Several utilitarian criticisms:

  • Social choice problem: the utility of the organization may align poorly with the total utility of society
  • Data science problem: predictions of risk are usually based on correlations/associations and hence may not capture causal relationships, or the measures of risk may be poor proxies for an unobserved variable that would better inform decisions. Hence allocating resources based on predicted risk may not actually maximize (or even increase) the organizations’ (or society’s) utility

A non-utilitarian aspect of this application

One possible deontological issue: there may be laws or ethical duties requiring an organization does not make decisions about individuals based on certain “protected” characteristics or variables. But many of the same variables that are commonly used to predict risk can be associated with protected variables, so predictive models could end up using information about protected variables either explicitly or implicitly. Deontological ethics may encourage us to remove such signals from the risk predictions even if the consequences result in lower utility for the organization.

One possible virtue ethics issue: the utility of the organization may align poorly with certain virtues.

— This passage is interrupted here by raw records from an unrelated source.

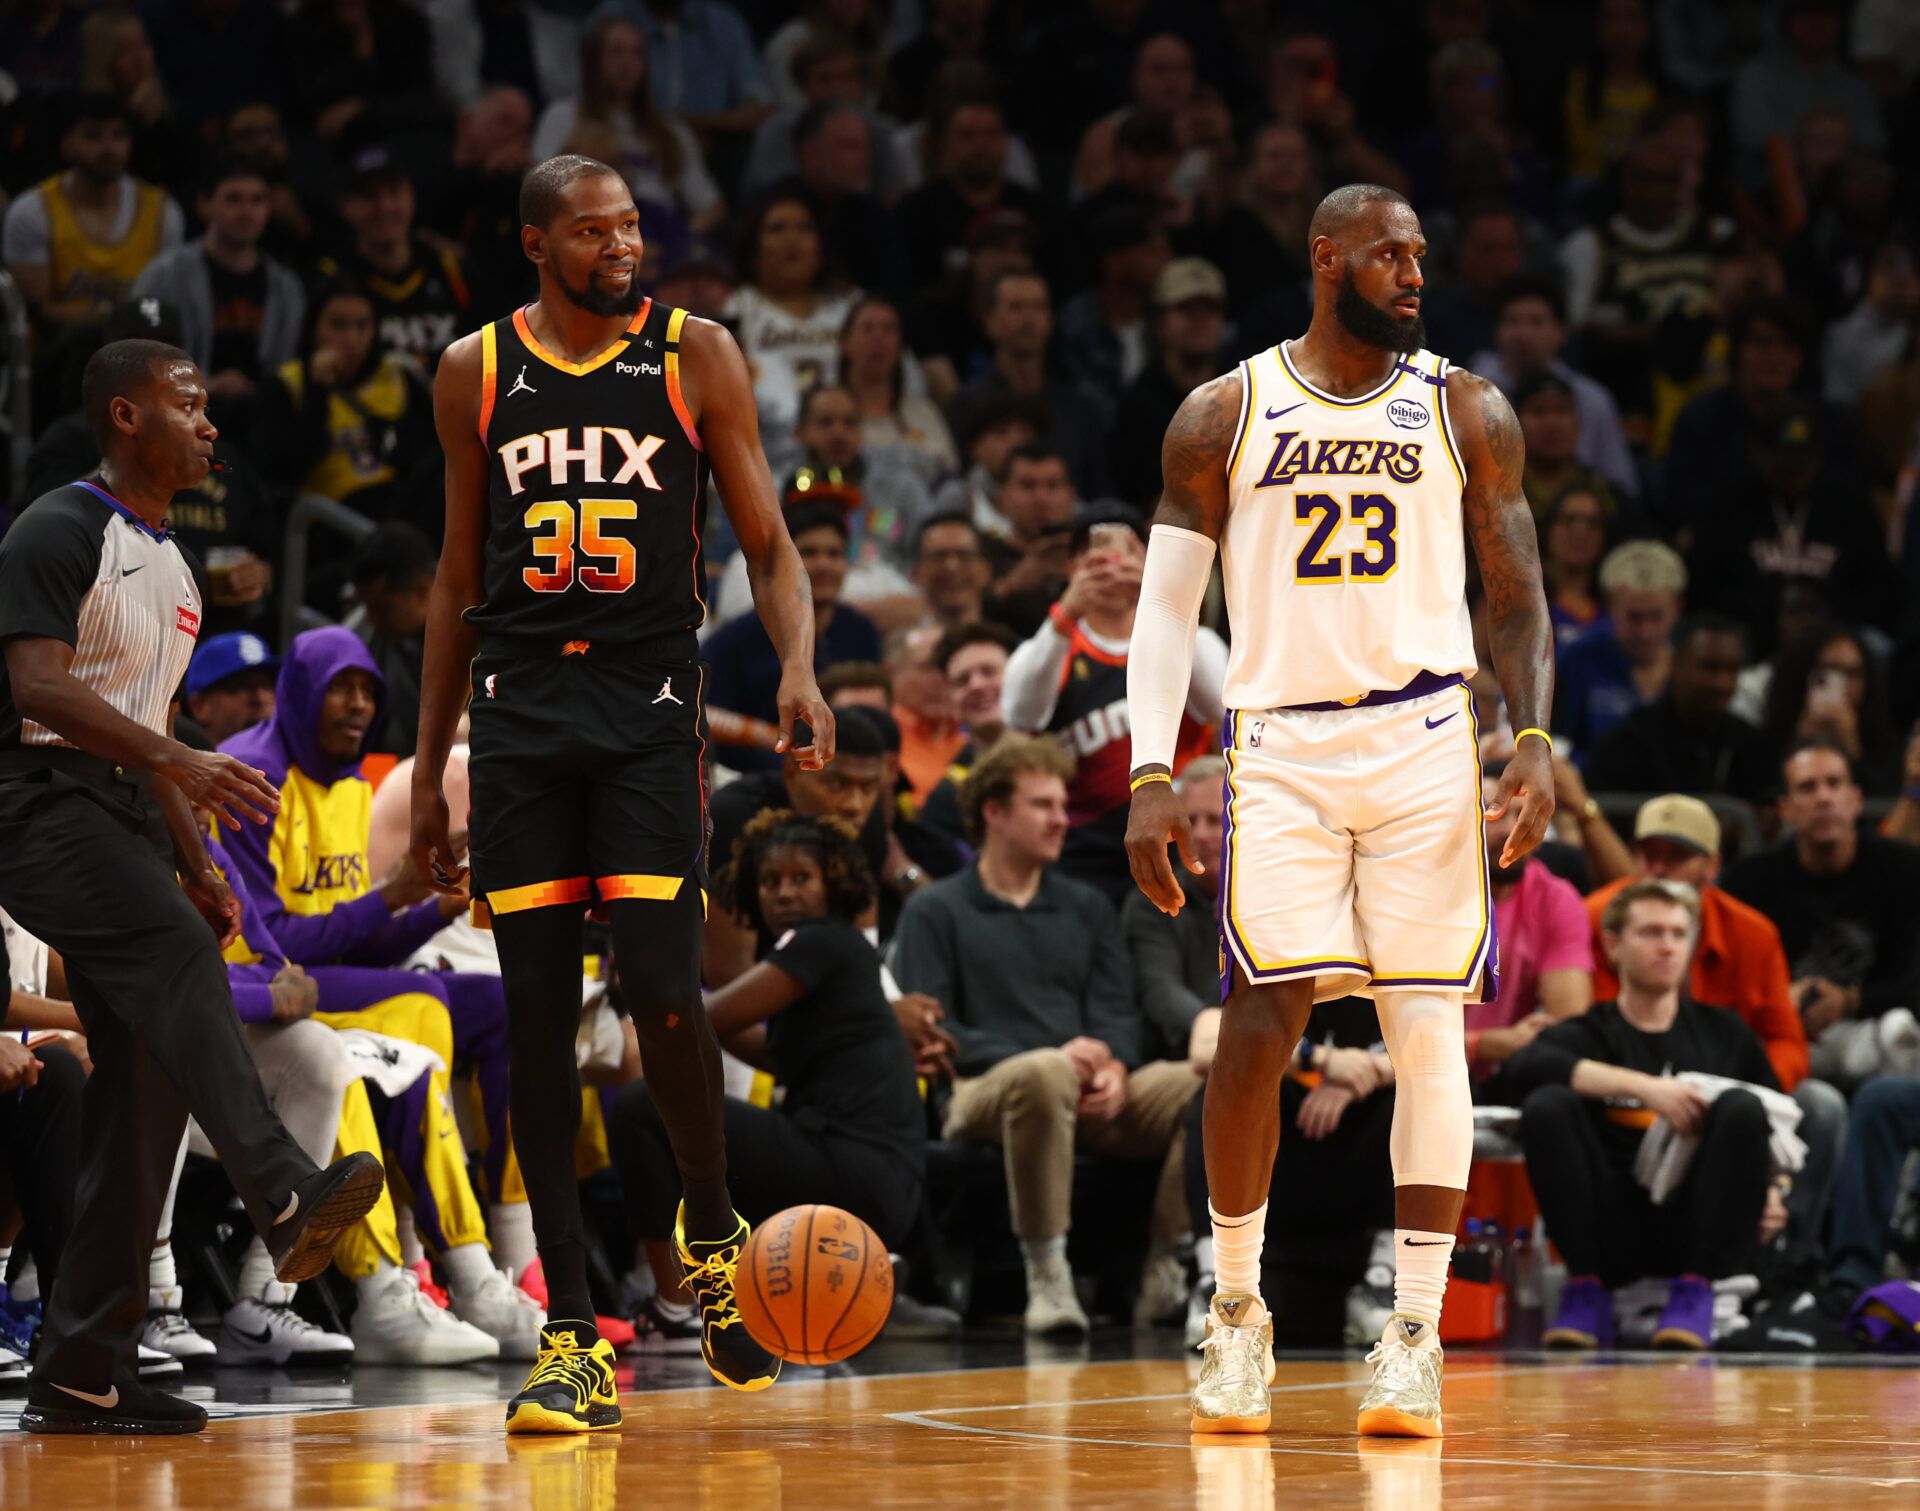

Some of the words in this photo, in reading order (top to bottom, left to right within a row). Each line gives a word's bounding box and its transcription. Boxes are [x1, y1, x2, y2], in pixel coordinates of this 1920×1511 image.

[644, 338, 654, 349] AL
[615, 361, 662, 377] PayPal
[1390, 405, 1428, 422] bibigo
[497, 426, 666, 496] PHX
[522, 498, 638, 593] 35
[1293, 491, 1399, 586] 23

These virtues could become neglected if people focus narrowly on whatever other traits they believe are beneficial to the organization’s risk predictions or decisions.

Question 2

Choose one of the ethical data science guidelines that we read. Find some part of it that you agreed with strongly, quote that part, and describe why you thought it was important. Then find another part that you think is too limited, quote that part, and describe what you think is its most important limitation.

  • Guideline document: ASA

  • Agreement

From Section A:

The ethical statistical practitioner: … Does not knowingly conduct statistical practices that exploit vulnerable populations or create or perpetuate unfair outcomes.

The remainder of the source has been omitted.